▶ _PROBLEM_: Restate the records word for word. Include no pictures.

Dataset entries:
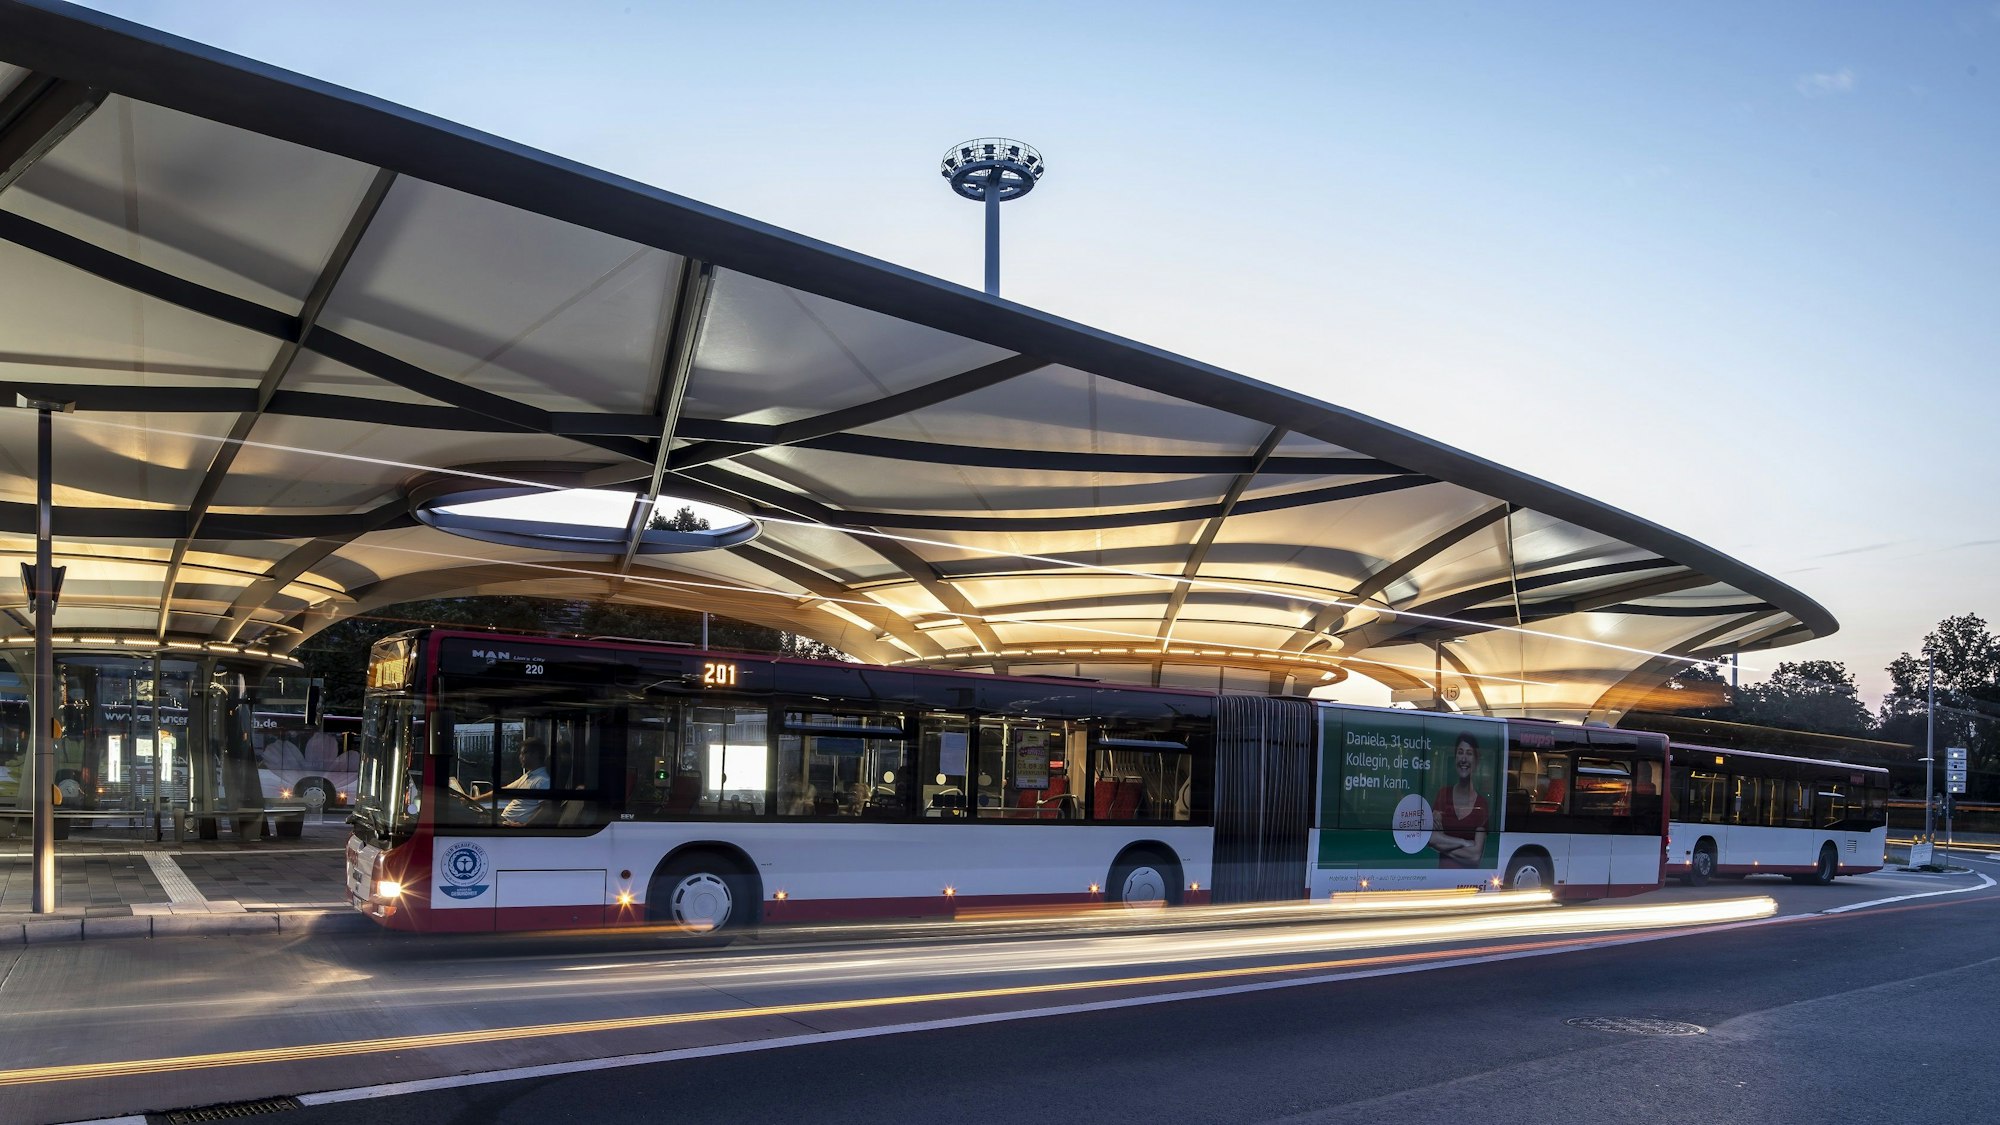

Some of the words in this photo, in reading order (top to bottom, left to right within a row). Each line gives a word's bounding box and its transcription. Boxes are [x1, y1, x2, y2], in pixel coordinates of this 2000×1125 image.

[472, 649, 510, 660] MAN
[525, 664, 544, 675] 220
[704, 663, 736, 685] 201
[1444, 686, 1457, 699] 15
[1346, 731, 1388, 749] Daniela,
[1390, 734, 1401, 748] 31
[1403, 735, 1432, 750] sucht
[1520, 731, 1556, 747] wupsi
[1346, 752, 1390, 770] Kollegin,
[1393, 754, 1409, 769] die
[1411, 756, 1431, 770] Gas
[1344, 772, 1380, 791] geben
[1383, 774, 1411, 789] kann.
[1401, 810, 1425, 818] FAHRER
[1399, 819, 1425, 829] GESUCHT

▶ _PROBLEM SOLUTION_:
Some of the words in this photo, in reading order (top to bottom, left to right within a row). Each line gives a word's bounding box and its transcription. Boxes are [x1, y1, x2, y2], in pixel coordinates of this 2000×1125 image.

[472, 649, 510, 660] MAN
[525, 664, 544, 675] 220
[704, 663, 736, 685] 201
[1444, 686, 1457, 699] 15
[1346, 731, 1388, 749] Daniela,
[1390, 734, 1401, 748] 31
[1403, 735, 1432, 750] sucht
[1520, 731, 1556, 747] wupsi
[1346, 752, 1390, 770] Kollegin,
[1393, 754, 1409, 769] die
[1411, 756, 1431, 770] Gas
[1344, 772, 1380, 791] geben
[1383, 774, 1411, 789] kann.
[1401, 810, 1425, 818] FAHRER
[1399, 819, 1425, 829] GESUCHT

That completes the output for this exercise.